Perhaps the problem here is that we start off with something rather mediocre to begin with – Italian panetonne, which serves no purpose other than to fool you into thinking someone brought cake when really they JUST BROUGHT BREAD. The packaging said it was “filled with pumpkin cream and candied pumpkin pieces,” which sounds marginally better than the more accurate “filled with IT DOESN’T MATTER DON’T EAT THIS.”
I described the candied pumpkin bits – which bore a shocking resemblance to a cut up, scented candle – as “vaguely cartilagey”. Naomi equated the pumpkin filling to glue. Pam had withdrawn into a corner by this point and was gently rocking back and forth and talking to herself.

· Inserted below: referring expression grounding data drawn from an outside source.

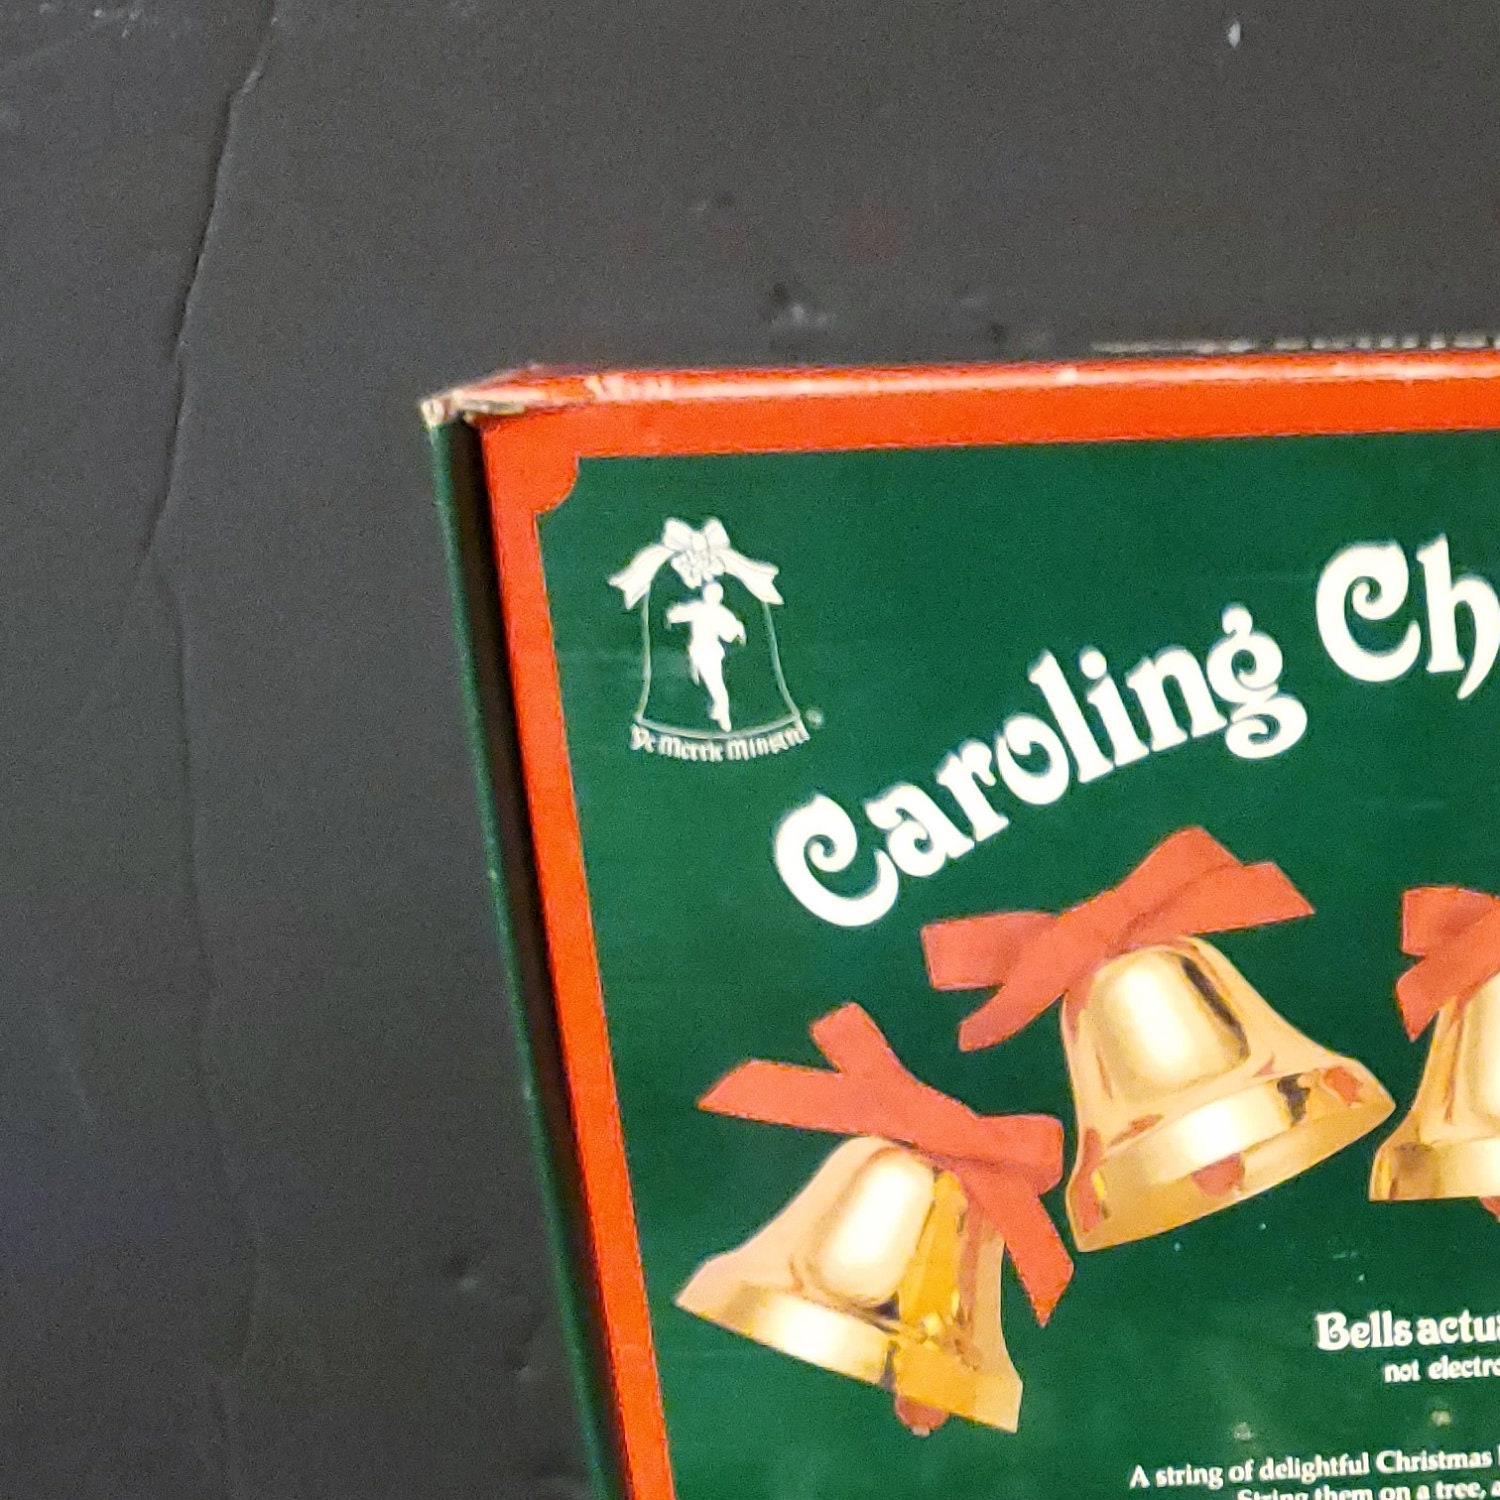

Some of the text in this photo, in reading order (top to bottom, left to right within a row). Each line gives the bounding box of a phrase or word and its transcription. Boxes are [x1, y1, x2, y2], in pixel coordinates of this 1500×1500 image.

[775, 605, 1310, 927] Caroling
[1315, 1310, 1413, 1351] Bells
[1383, 1360, 1420, 1383] not
[1130, 1465, 1150, 1488] A
[1156, 1464, 1223, 1490] string
[1228, 1458, 1254, 1483] of
[1258, 1452, 1370, 1487] delightful
[1375, 1450, 1493, 1474] Christmas
[1435, 1481, 1486, 1500] tree,
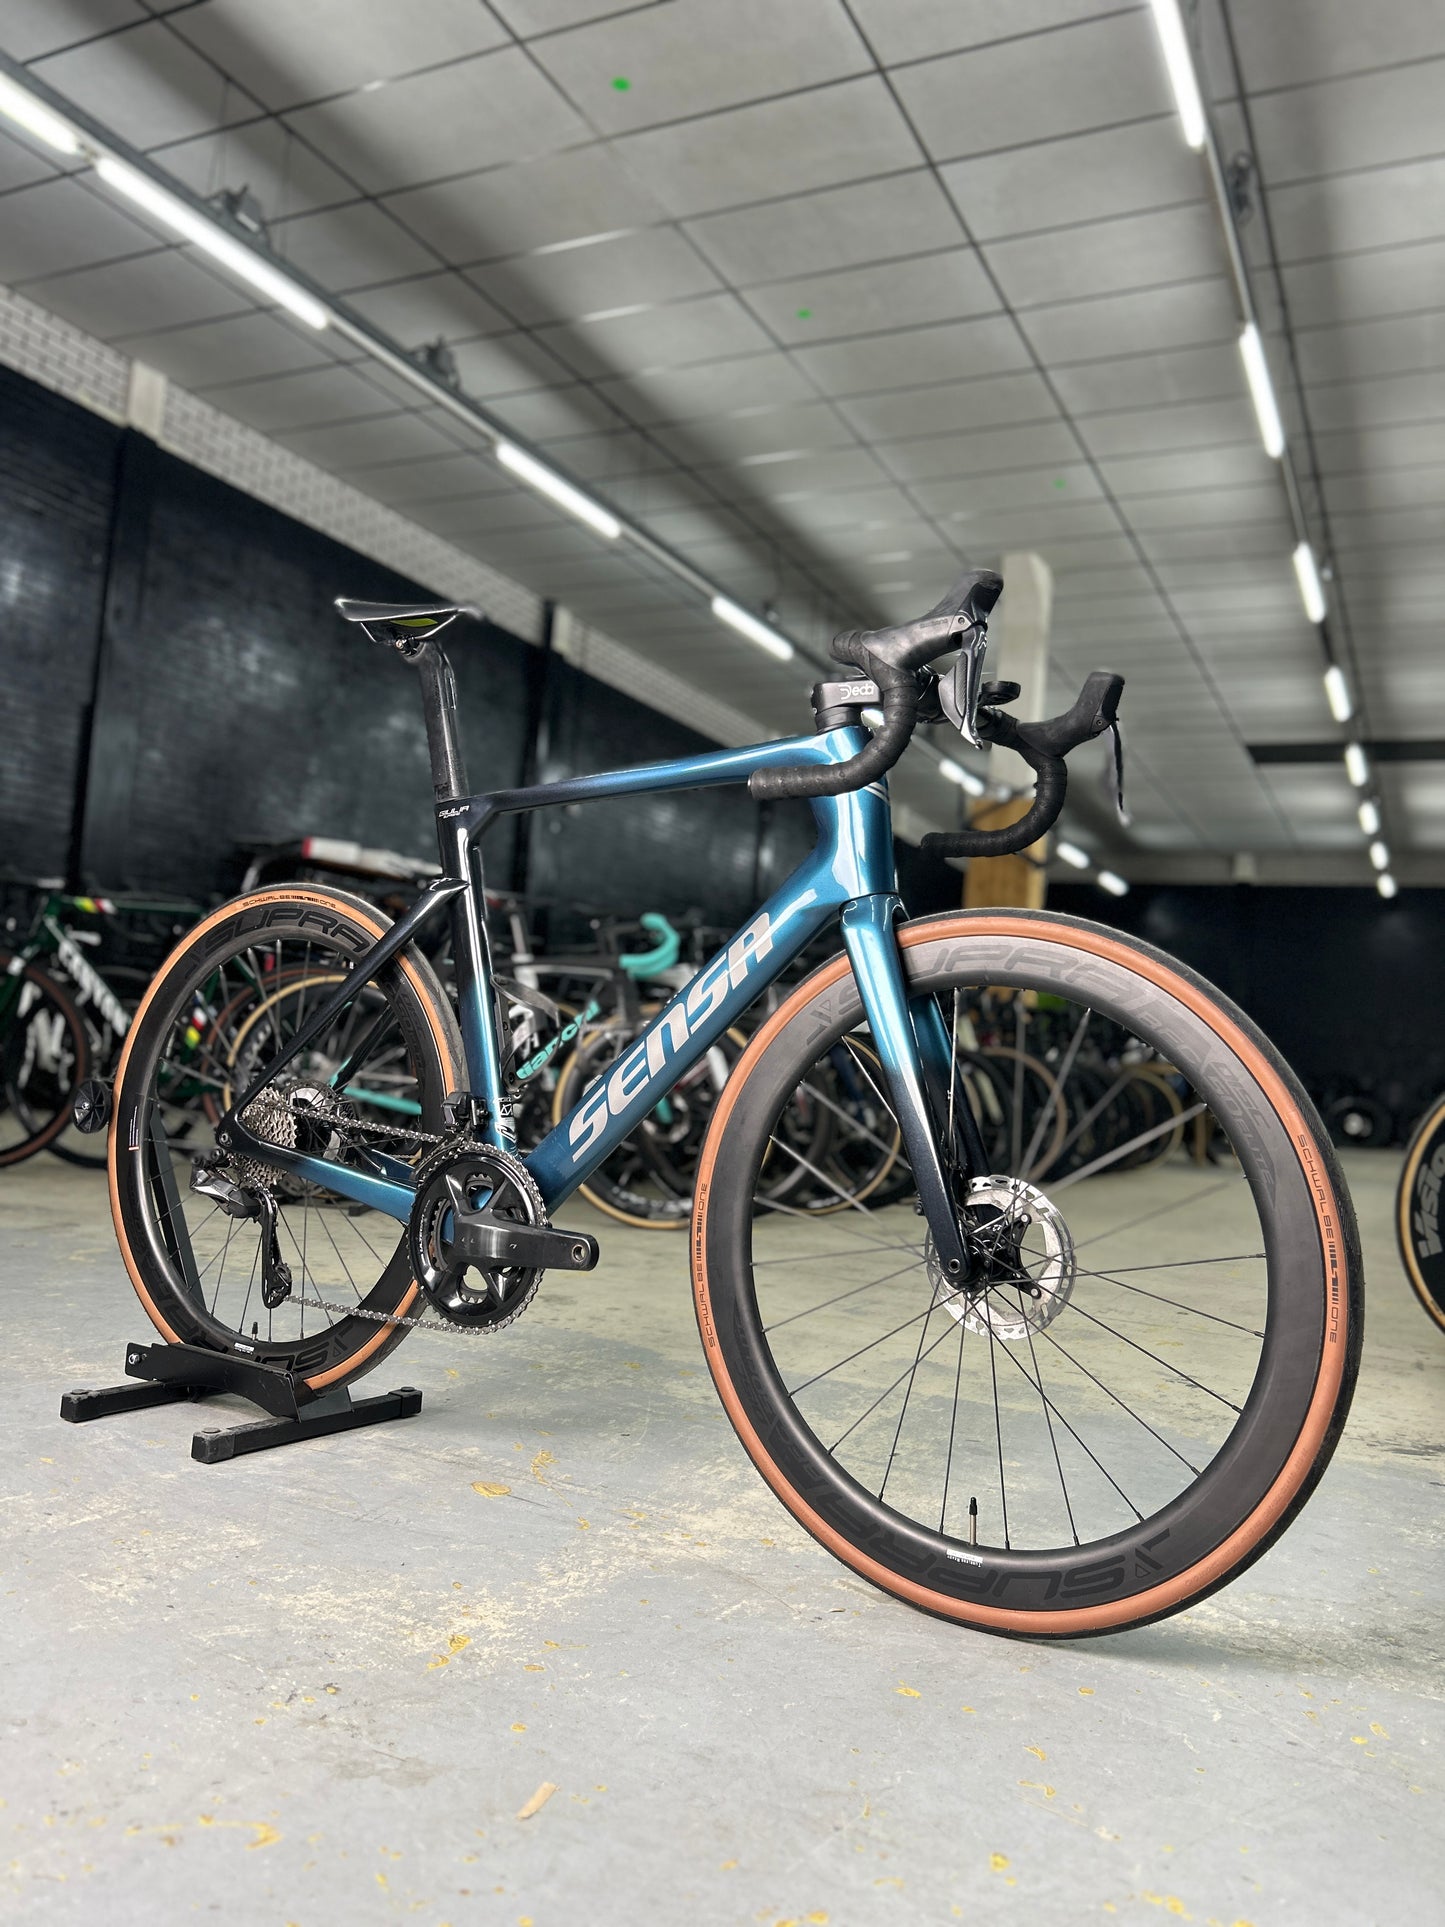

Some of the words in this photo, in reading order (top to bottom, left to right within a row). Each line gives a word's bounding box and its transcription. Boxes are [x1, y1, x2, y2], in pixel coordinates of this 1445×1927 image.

Suggested Tagline: “Didn’t the Italians also invent fascism?”
These were … shockingly inoffensive. Like that uncle who’s usually super racist but is presently too drunk to say anything bad about the Ukrainians (at the moment).
I wouldn’t go out of my way to get them, but if they were served to me at a party, I wouldn’t instantly assume that the host:
- hated me
- had lost their sense of taste and smell
- was preparing me for some sort of human sacrifice
Suggested Tagline: “The perfect cracker for people who sort of care about things.”
These didn’t really taste like pumpkin, unless by “pumpkin” you mean “burned”. Pam said they tasted like nothing, but after the snack atrocities that preceded it, you begin to long for nothing. Fall at Trader Joe’s makes Nihilists of us all.
Suggested Tagline: “Your existence is meaningless. (Great with our Avocado’s Number Guacamole!)”
I didn’t buy this brittle for this taste test, because I purchased it last year and I still occasionally wake up in a cold sweat from the memories. Its distinguishing factor is that it’s been covered in pumpkin pie spices which recreates, with surprising verisimilitude, the sensation you’d get from dropping regular peanut brittle in sand and rolling it around. But I guess it’s nice that someone else has done the work for you.
Suggested Tagline: “There’s nothing wrong with the box you picked up. It’s supposed to look like that.”
The inspiration for this product:
Step 1: Get really drunk.
Step 2: Inexplicably eat friend’s leftover jack-o-lantern.
Step 3: Realize, far too late to rectify the situation, that it is early November. Also, that jack-o-lanterns aren’t food.
Step 4: Vomit profusely.
Step 5: Now nauseated by the mere suggestion of food, make yourself a cup of tea. Swear it tastes pumpkiny, even though it actually doesn’t. It’s just that the pumpkin is now inside YOUR SOUL.
Suggested Tagline: “The pumpkin is calling FROM INSIDE THE HOUSE.”
(Photo unavailable because I didn’t want you to see the teeth marks on the bag after I’d gnawed on it.)
The concept of this is circular enough to rip a hole in the space-time continuum. That being said, they’re delicious. I purchased a bag long before the taste test but I’d already finished it, shoveling pumpkin spiced crunchiness into my mouth with a glassy-eyed frenzy. I went back to the store to get more, but like most products that are actually enjoyable, the Trader Joe’s by my house stopped carrying it
Suggested Tagline: “At this point, you might just be drunk.”
The verdict: consider hibernating until after Christmas. Even if you like pumpkin.
P.S. – I know that this all seems profoundly wasteful, so in order to avoid being a total asshole, I sent the rest of these treats to Rand’s office, where they will provide sustenance to hungry developers, and also made a donation to our local foodbank.